To help limited partners (LPs) understand investment performance, venture capitalists produce these on each company in their portfolio and deliver them to LPs weekly or monthly.

They are referred to as these sheets because, in the past, S&P published summary books, and stock brokers would shred pages from those books to distribute to clients. But, of course, everything is now accessible online. Therefore, it could be any online page that includes a company's summary information.

Many reliable online and print sources for stock analysis include Morningstar Professional, Valueline, Mergent Manuals, and S&P Capital IQ, among others.


    For instance, Mergent manuals, formerly Moody's Manual, offer details on over 22,000 domestic and international publicly traded corporations. Long-term investors strongly suggest Value Line as it has the best-structured tear sheets.

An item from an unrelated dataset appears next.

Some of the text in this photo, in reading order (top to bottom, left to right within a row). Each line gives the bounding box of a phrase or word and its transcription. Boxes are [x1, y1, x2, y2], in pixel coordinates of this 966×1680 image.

    Understanding the concept

    A fact sheet for a fund business, or any one-page piece of marketing collateral, is sometimes referred to as a tear sheet. For example, before the internet, Standard & Poor created one-page summary sheets for publicly traded corporations, where the word first appeared.

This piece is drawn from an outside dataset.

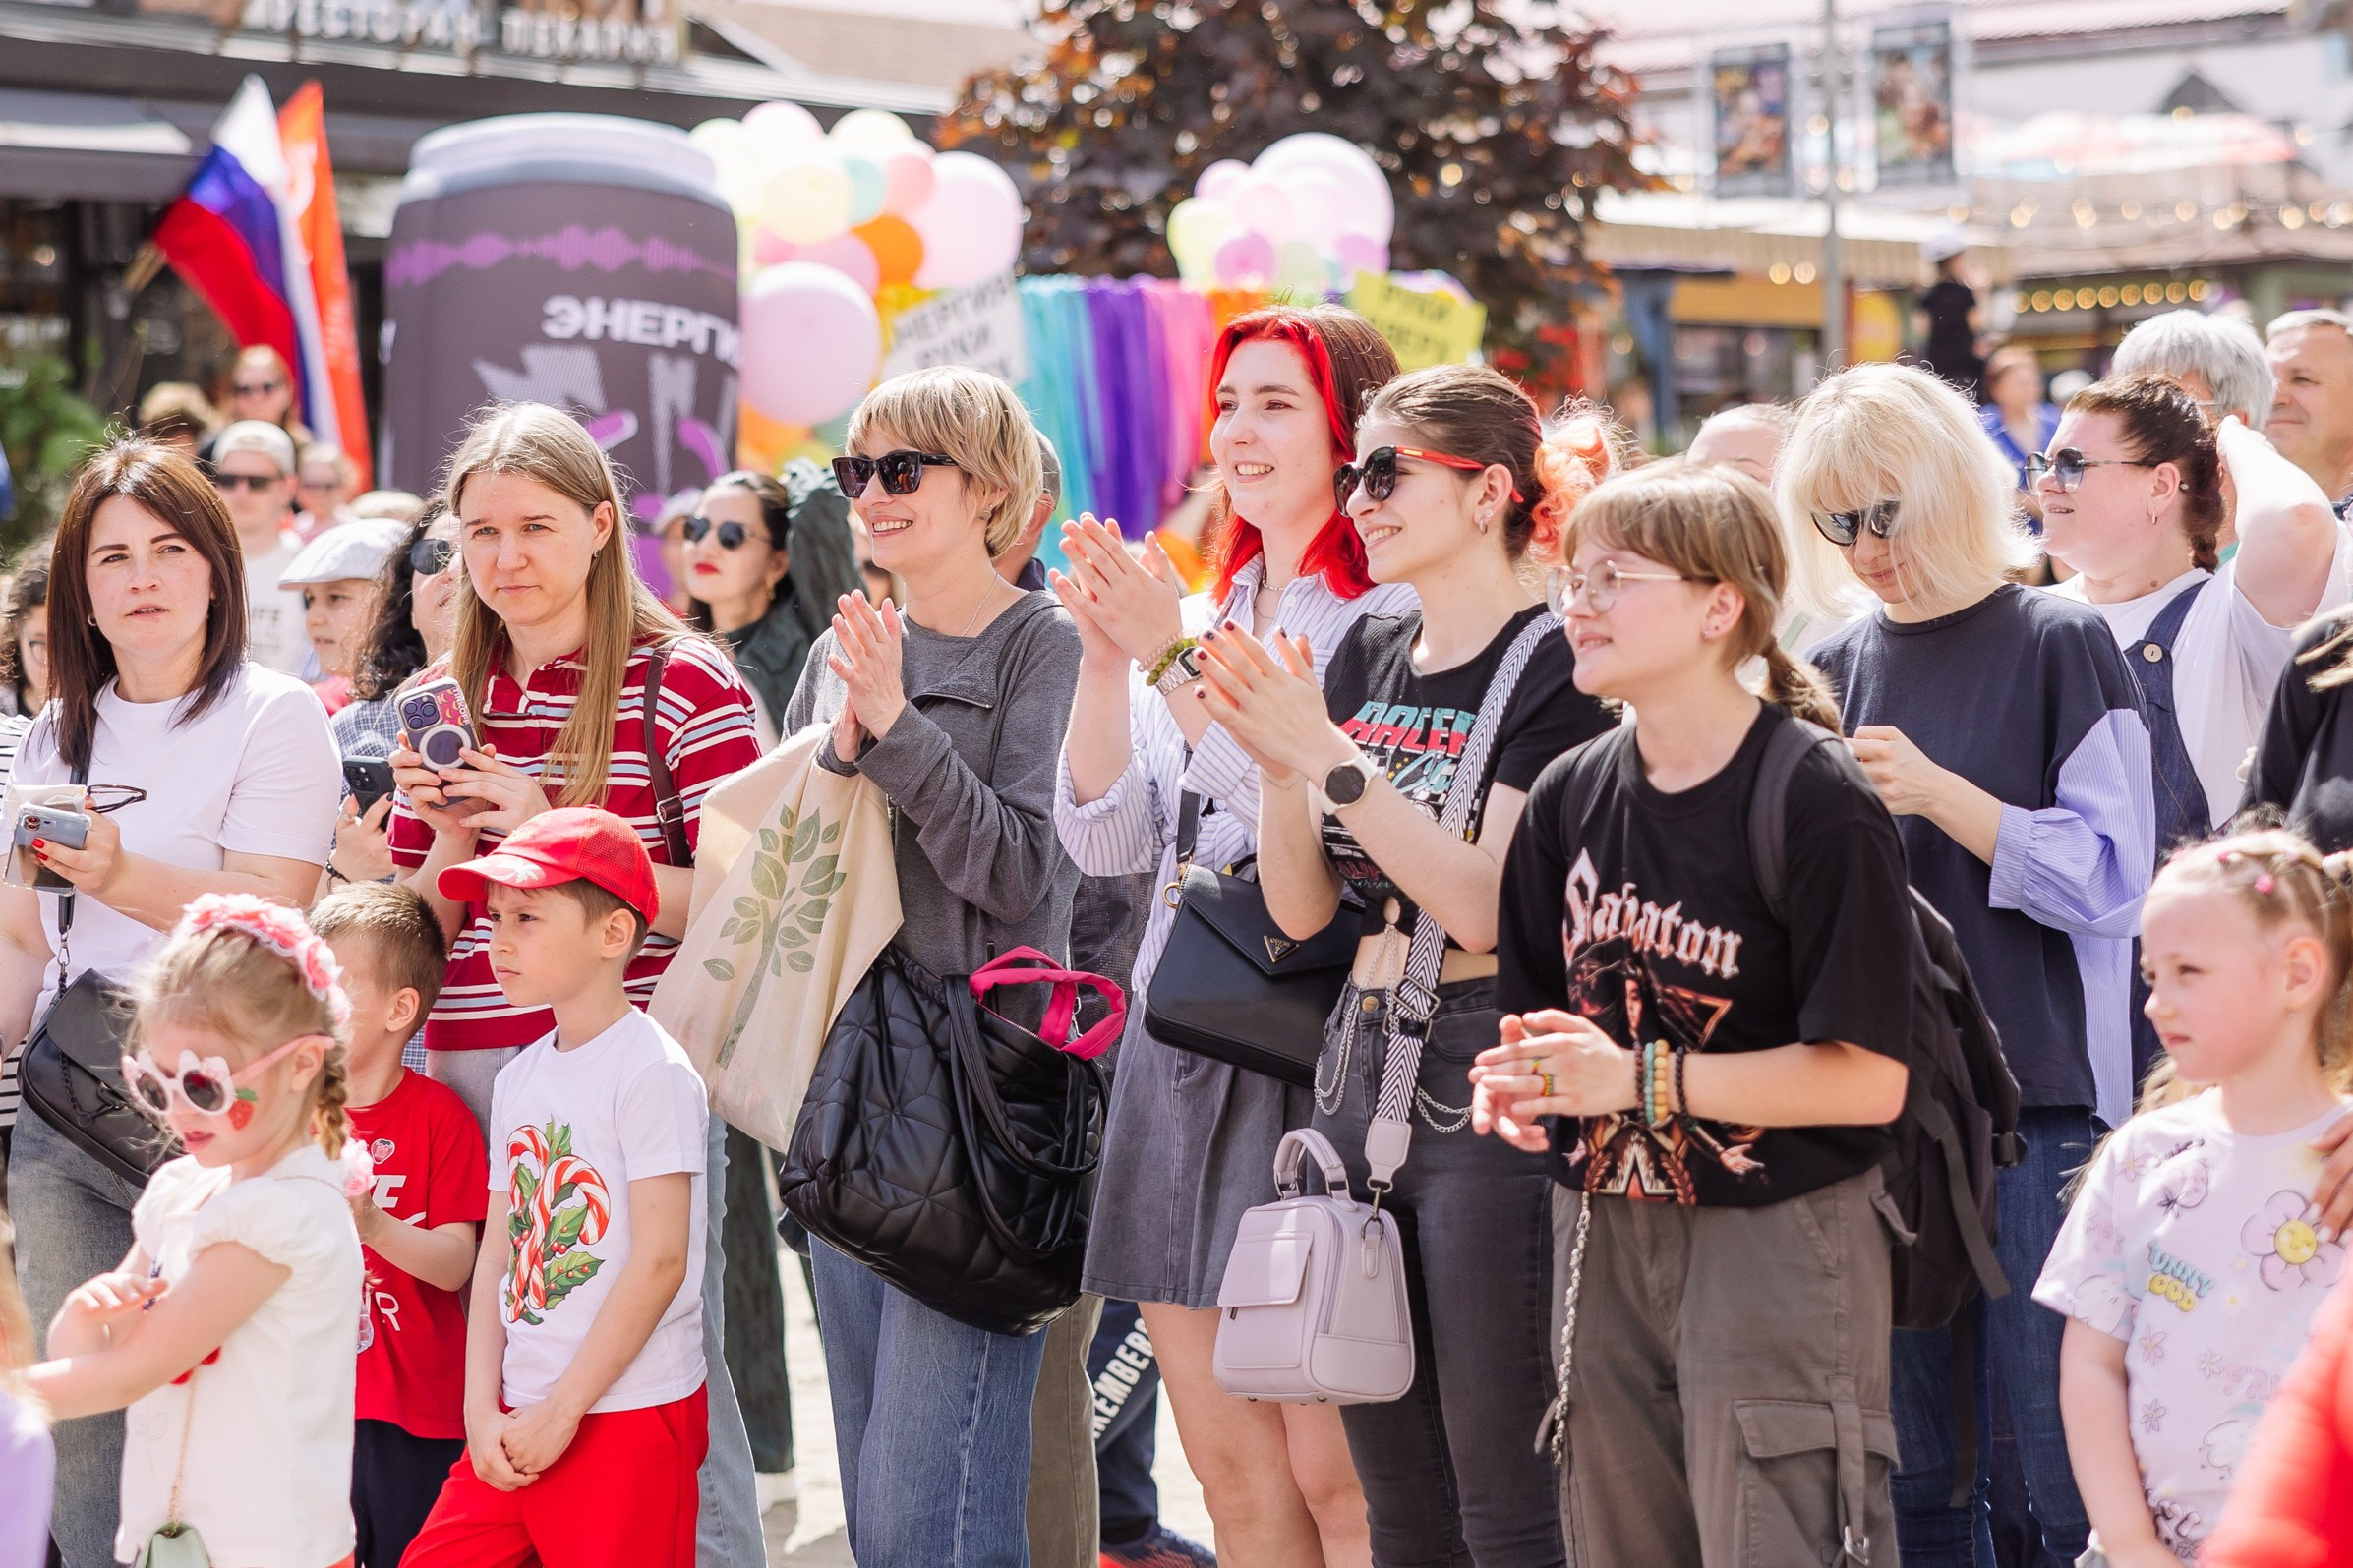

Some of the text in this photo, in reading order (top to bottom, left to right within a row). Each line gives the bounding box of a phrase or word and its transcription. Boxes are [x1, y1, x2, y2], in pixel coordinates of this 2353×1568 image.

    Every page is a summary separate from the main book. These, sometimes known as "fund fact sheets" in the mutual fund business, provide details on past performance, important holdings, and asset allocations.

    Financial advisors and brokers frequently issue them to give prospective investors a better understanding of potential investment options.

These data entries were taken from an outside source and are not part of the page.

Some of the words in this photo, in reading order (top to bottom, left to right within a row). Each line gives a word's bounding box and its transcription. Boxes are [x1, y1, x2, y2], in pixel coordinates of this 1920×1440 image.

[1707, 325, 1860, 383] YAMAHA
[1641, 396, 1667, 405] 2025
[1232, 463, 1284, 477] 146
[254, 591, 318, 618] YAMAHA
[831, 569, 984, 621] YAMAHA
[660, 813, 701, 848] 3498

      In addition, the sheet often contains details about the firm, including market capitalization, earnings, the company's industry, and a graph or chart showing share price history. It can be given one at a time, collected in a folder, and given to the client.

      The trick to the teaser is to provide prospective customers with enough information to stimulate their curiosity without divulging too much about the business.

      In M&A, after signing a non-disclosure agreement, potential buyers can obtain the company's confidential information memorandum. Therefore, the M&A advisor should eliminate any less serious or financially unqualified interested parties.

      While these have origins when stockbrokers would deliver individual pages from the S&P summary book to present or potential clients, most of the information is now gathered online.

      Consequently, it is a summary of a business's core competencies.

      Tear Sheet vs. Prospectus

      When assessing a mutual fund, a tear sheet differs from a prospectus as it is only one or two pages long.

      It will typically include a summary of the investment, the investment manager's benchmark, a historical performance graph, a few statistics (such as three-year or five-year alpha and standard deviation), and details about the fund company managing the investment.

      A prospectus for a mutual fund is a significantly lengthier document. It includes information about the fund's investment goals and approach.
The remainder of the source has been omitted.